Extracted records

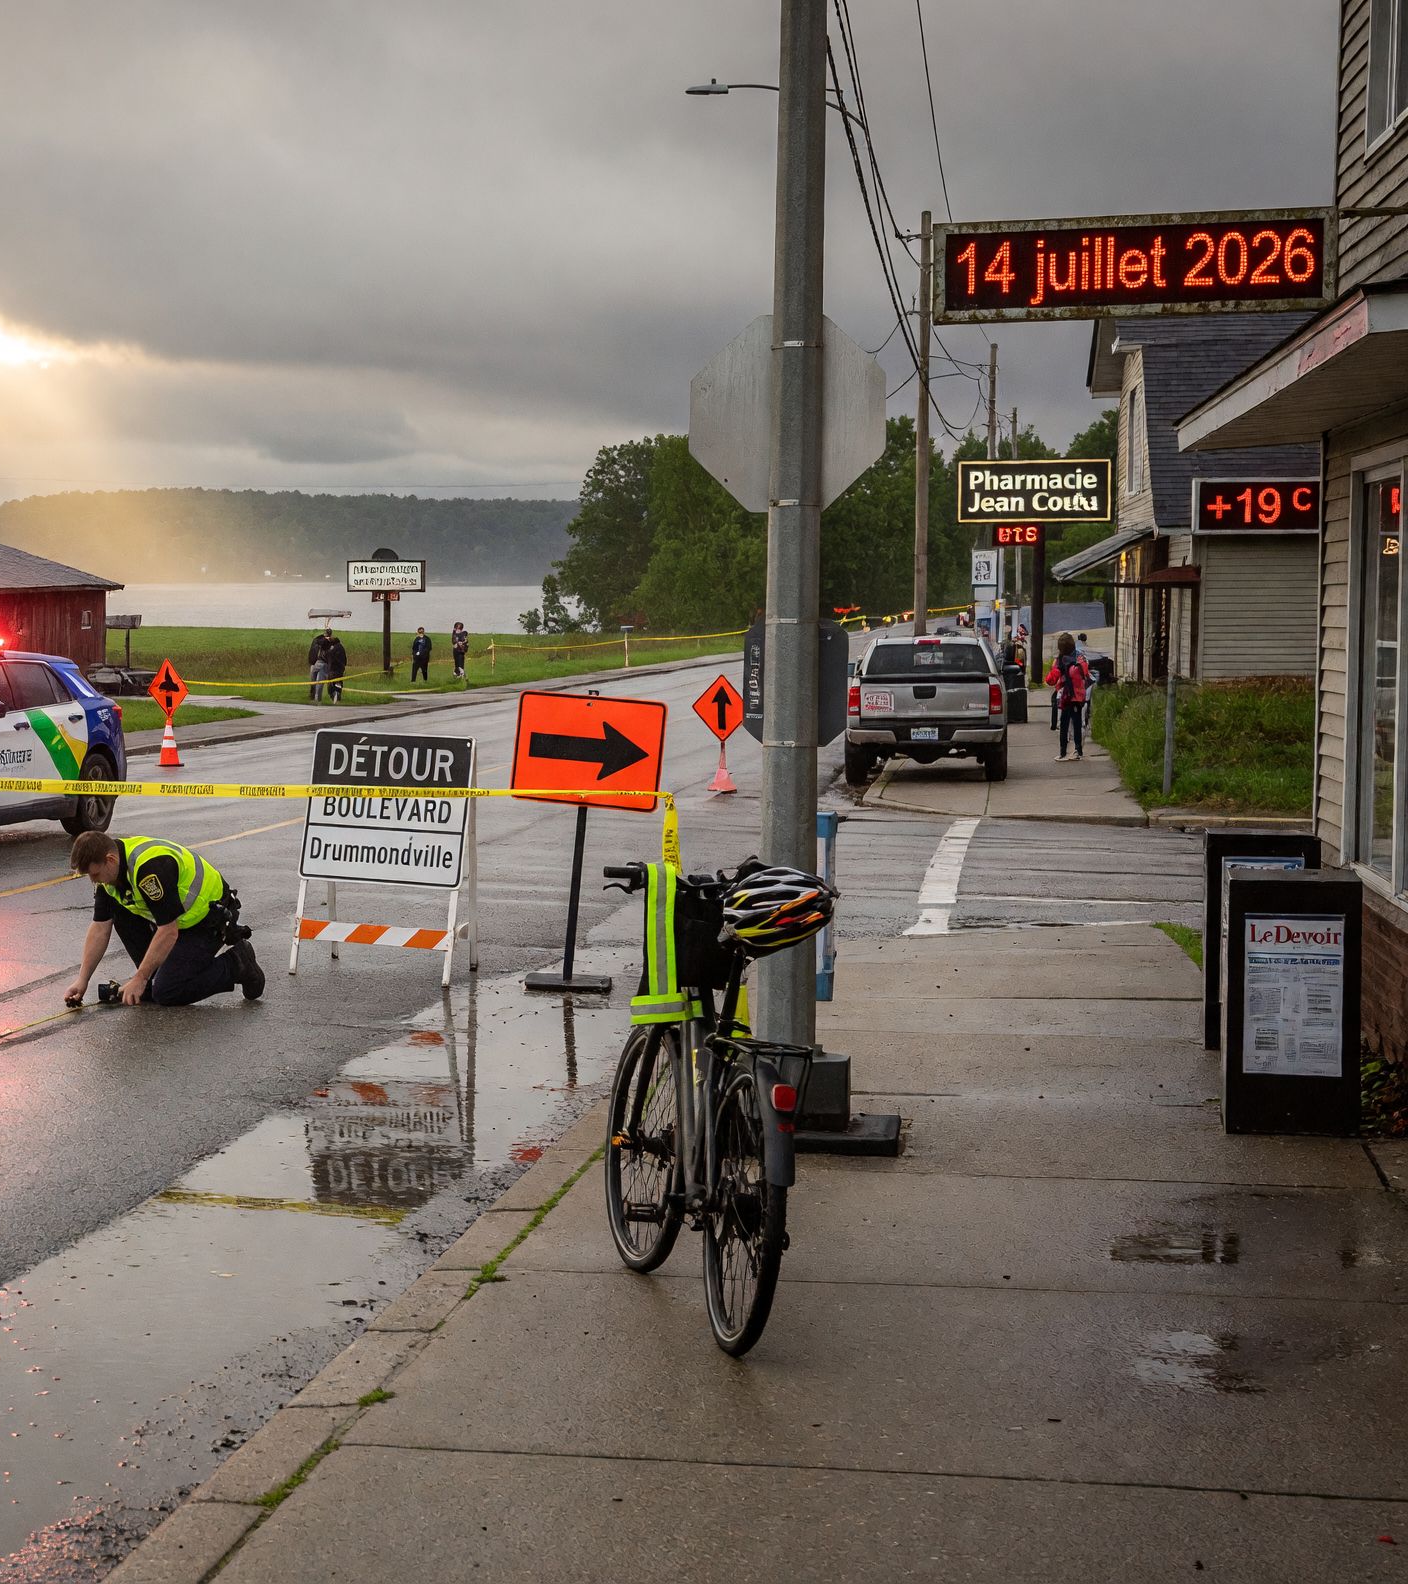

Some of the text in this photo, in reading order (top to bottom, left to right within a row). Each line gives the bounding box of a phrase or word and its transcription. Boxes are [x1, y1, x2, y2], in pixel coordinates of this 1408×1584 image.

[957, 228, 1315, 305] 14 juillet 2026
[969, 468, 1098, 490] Pharmacie
[968, 492, 1025, 512] Jean
[1206, 487, 1281, 524] +19
[328, 736, 455, 782] DÉTOUR
[323, 796, 452, 824] BOULEVARD
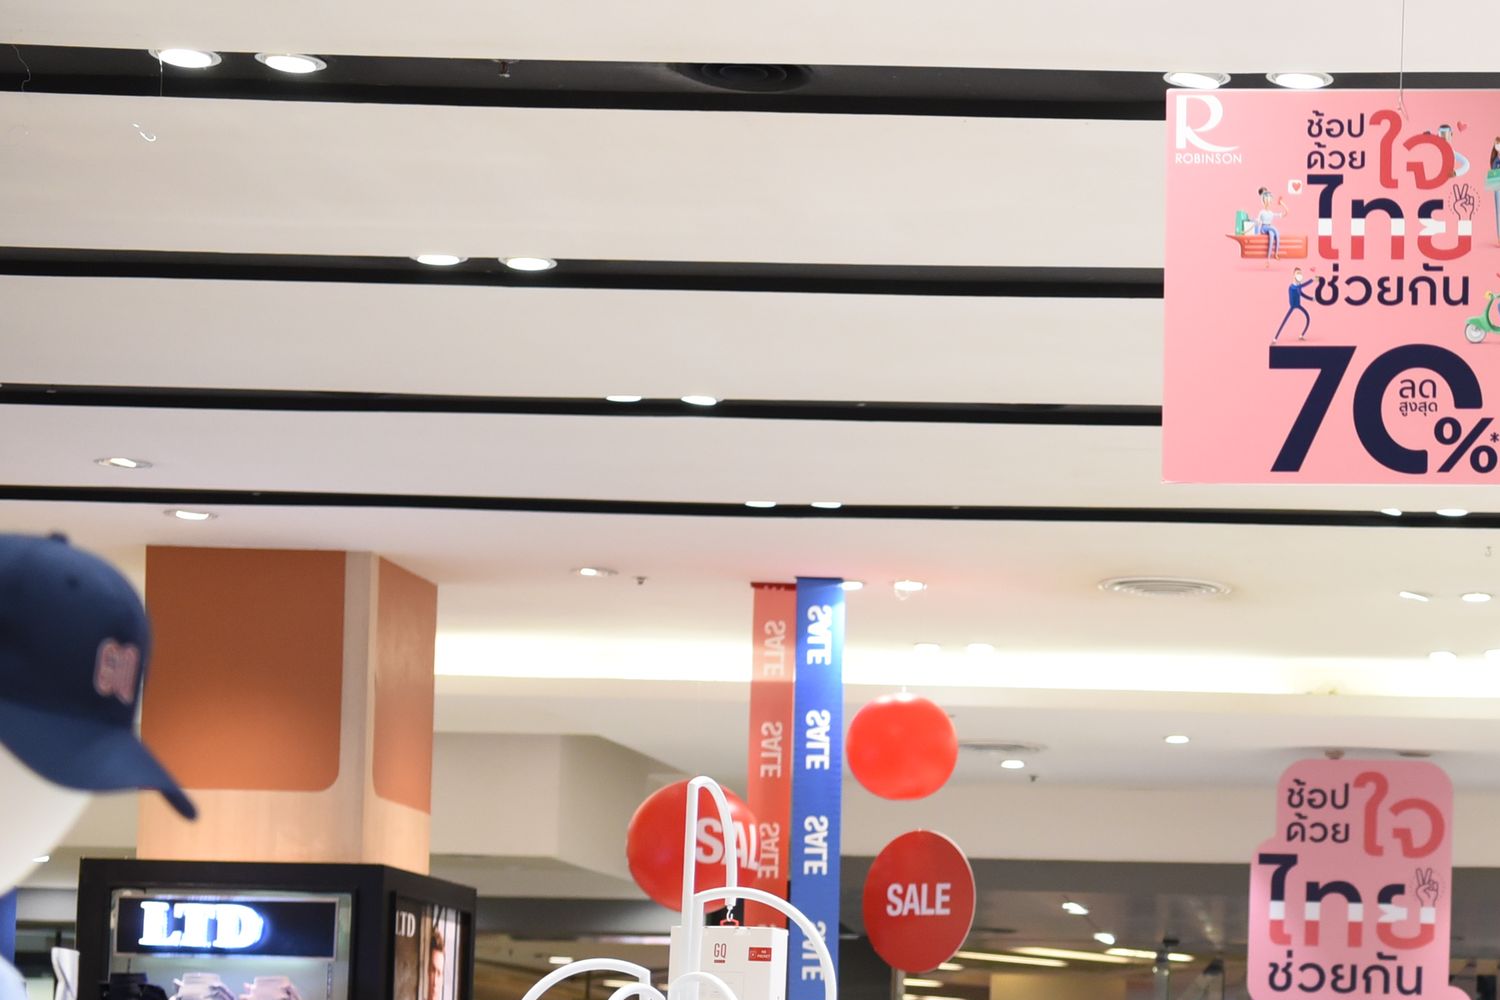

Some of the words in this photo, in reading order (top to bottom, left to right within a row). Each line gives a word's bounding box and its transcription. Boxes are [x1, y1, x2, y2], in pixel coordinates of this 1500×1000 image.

[1307, 111, 1365, 139] ช้อป
[1175, 153, 1242, 164] ROBINSON
[1307, 142, 1366, 170] ด้วย
[1369, 109, 1455, 190] ใจ
[1307, 174, 1473, 261] ไทย
[1315, 262, 1470, 306] ช่วยกัน
[1399, 377, 1437, 400] ลด
[1399, 400, 1438, 417] สูงสุด
[1287, 779, 1350, 810] ช้อป
[1287, 812, 1350, 843] ด้วย
[1353, 771, 1446, 858] ใจ
[696, 817, 761, 871] SAL
[886, 883, 951, 916] SALE
[1258, 853, 1437, 950] ไทย
[138, 900, 264, 949] LTD
[395, 910, 416, 938] LTD
[714, 943, 727, 959] GQ
[1268, 950, 1423, 996] ช่วยกัน

Task item:
Reproduce each record from above exactly; pictures do not belong in the copy.

Solution to this task:
Some of the text in this photo, in reading order (top to bottom, left to right within a row). Each line gives the bounding box of a phrase or word and its transcription. Boxes are [x1, y1, x2, y2], in pixel coordinates of this 1408×1584 image.

[957, 228, 1315, 305] 14 juillet 2026
[969, 468, 1098, 490] Pharmacie
[968, 492, 1025, 512] Jean
[1206, 487, 1281, 524] +19
[328, 736, 455, 782] DÉTOUR
[323, 796, 452, 824] BOULEVARD

Some of the words in this photo, in reading order (top to bottom, left to right within a row). Each line gives a word's bounding box and its transcription. Boxes are [x1, y1, x2, y2], in pixel coordinates of this 1500×1000 image.

[1307, 111, 1365, 139] ช้อป
[1175, 153, 1242, 164] ROBINSON
[1307, 142, 1366, 170] ด้วย
[1369, 109, 1455, 190] ใจ
[1307, 174, 1473, 261] ไทย
[1315, 262, 1470, 306] ช่วยกัน
[1399, 377, 1437, 400] ลด
[1399, 400, 1438, 417] สูงสุด
[1287, 779, 1350, 810] ช้อป
[1287, 812, 1350, 843] ด้วย
[1353, 771, 1446, 858] ใจ
[696, 817, 761, 871] SAL
[886, 883, 951, 916] SALE
[1258, 853, 1437, 950] ไทย
[138, 900, 264, 949] LTD
[395, 910, 416, 938] LTD
[714, 943, 727, 959] GQ
[1268, 950, 1423, 996] ช่วยกัน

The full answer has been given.